Dear my future self,
By the time you read this, I hope you will be more at ease than I am. Not to worry, I am ¨fine¨. I´m back at home from my f*cking amazing 2 years in Madrid. You´d expect me to die from a heartache since you know that I love Spain SO DAMN MUCH, but I´m actually managing. Those frequent trips I took were to practice how to leave Madrid, so it will be alright.
Life goes on.
I had a great time on the other side of the world, but now it´s over. Rather, it´s time to begin again, to chase a new dreams. Currently, I am transfixed with the idea of living in Miami, but I don´t see that happening soon. I´ve applied for a job down there like 45 days ago at a university but I haven´t heard back… It´s not an ideal job, but I do have compatible qualifications and what I need the most right now is experience.
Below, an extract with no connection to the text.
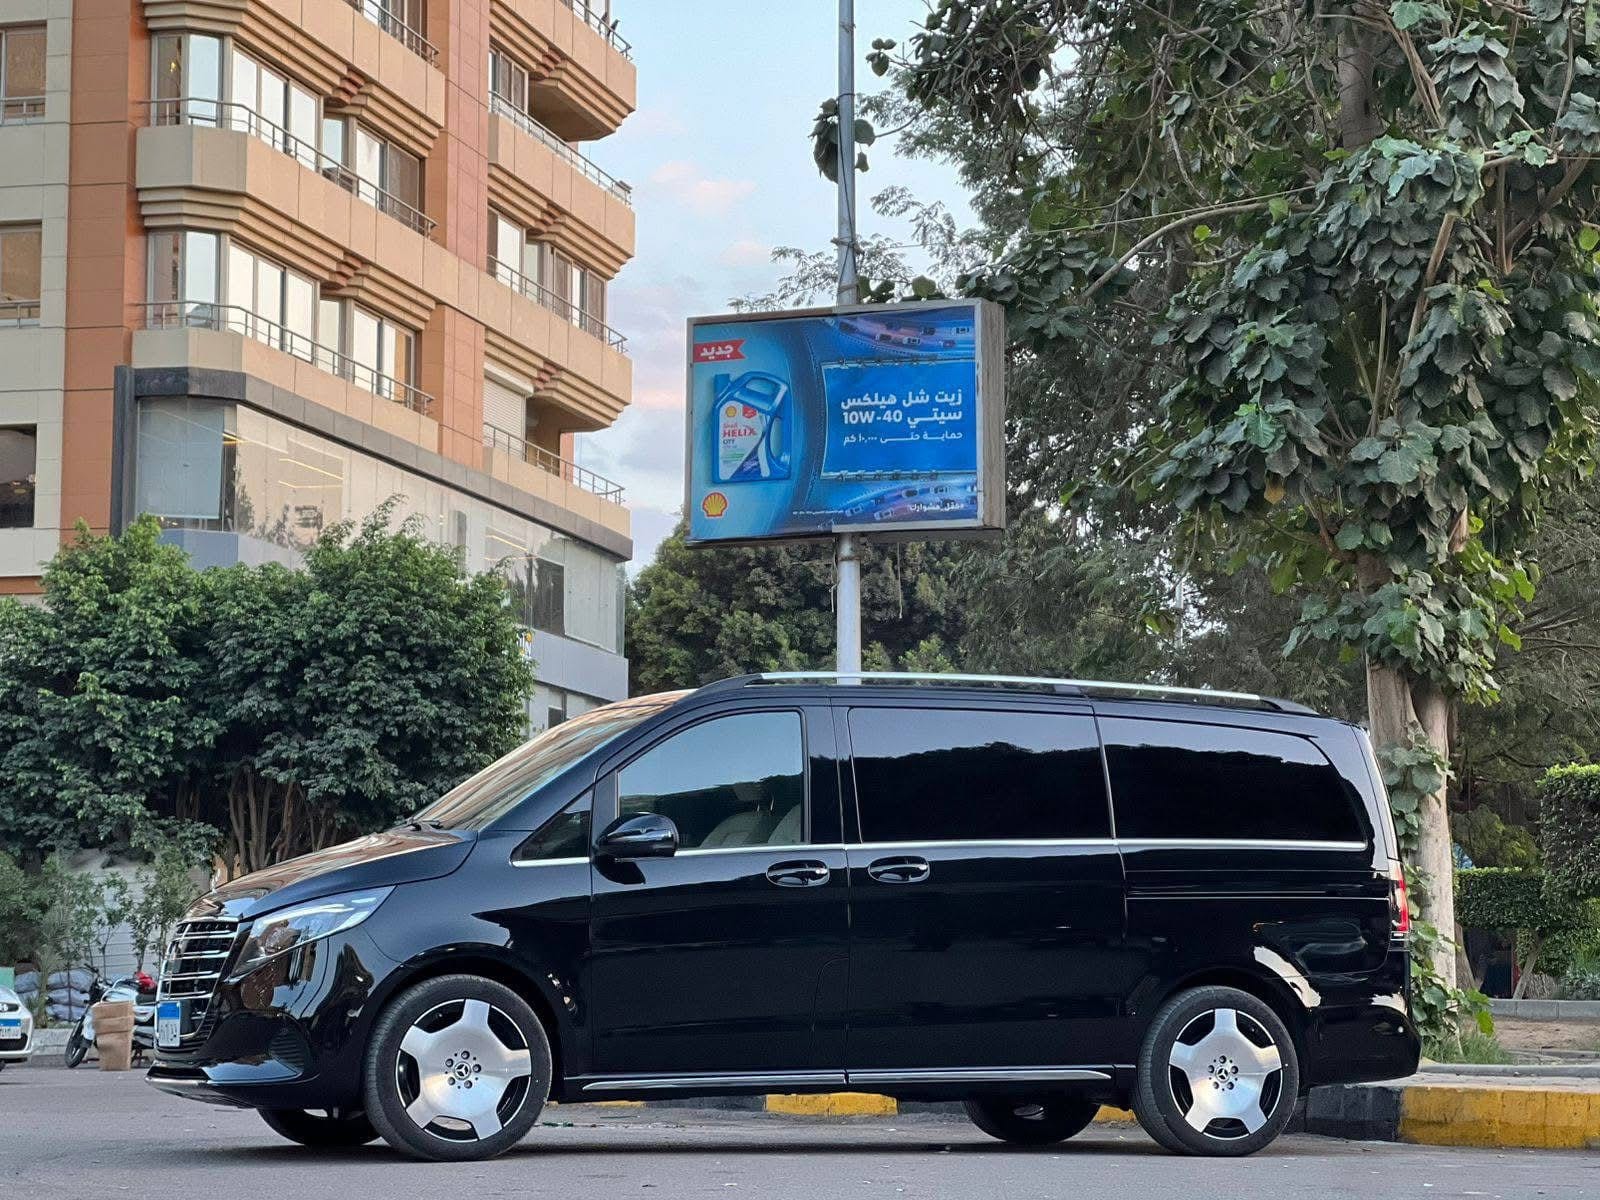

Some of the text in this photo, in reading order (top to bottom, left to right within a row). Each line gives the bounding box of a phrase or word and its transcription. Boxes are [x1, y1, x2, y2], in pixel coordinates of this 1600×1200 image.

Another job I´ve applied for around the same time period is in Tampa. Now this job would be PERFECT since it has to do with international education and that is what I am all about. However, I still haven´t heard from them either… I am growing more anxious by the minute. And how do I deal with this stress? I applied for more jobs – which I feel is kind of pointless because I would have to possibly wait even longer to hear back from them…but it is better than not doing anything.
Moving back home with Mom is not ideal. I feel like I lost my independence and freedom. Hey, at least there is always food and company.
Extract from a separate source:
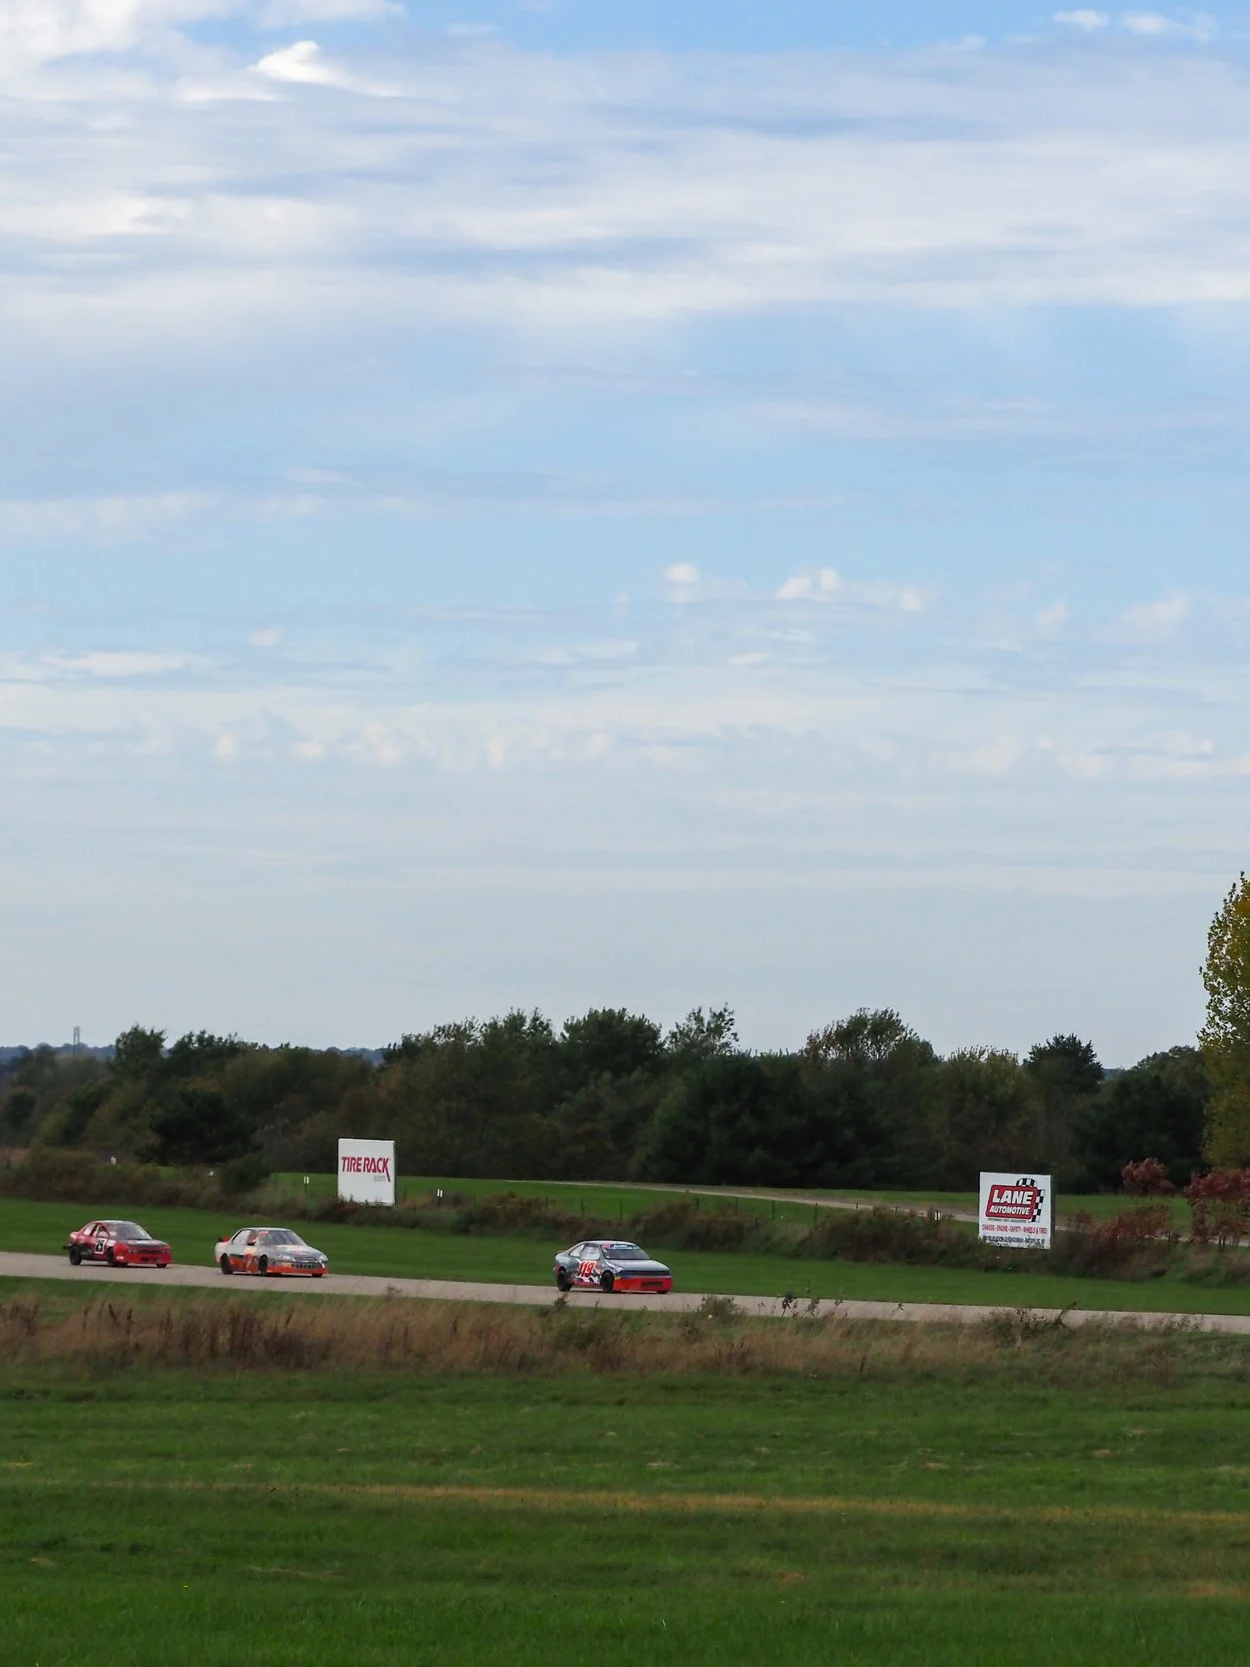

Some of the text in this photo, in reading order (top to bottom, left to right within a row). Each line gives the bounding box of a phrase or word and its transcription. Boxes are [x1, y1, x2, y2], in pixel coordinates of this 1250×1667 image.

[341, 1156, 391, 1183] TIRE RACK
[992, 1189, 1034, 1205] LANE
[989, 1205, 1031, 1215] AUTOMOTIVE
I am trying my hardest to focus on how I feel in this letter, rather than saying things like ¨Wow, I´m such a loser, look at me¨. No more negative self-labeling. I am giving it my best to find light in these dark times. If anything, I need to be more kind to myself.
Anyway, by the time you read this, I hope you are employed, healthy, and happy. Hopefully, you are reading in Miami…or somewhere warm. I hope you are happy being single, or have found someone who loves and values you – even better than the way that Colombian did. I hope you have moved on. We both know that you and him have always been nearly impossible…even though I would give it a shot – but that doesn´t mean he will. It´s a lot to ask of a guy and it´s too much for you to be hopelessly waiting around for someone who didn´t have the decency to say goodbye but has the nerve to say he knows he will see me again. But if he really is the one…holy shit that would be amazing haha….I doubt it will be easy, though. I think you will thank me later when I finally have moved on 😉 Don´t I deserve so much more?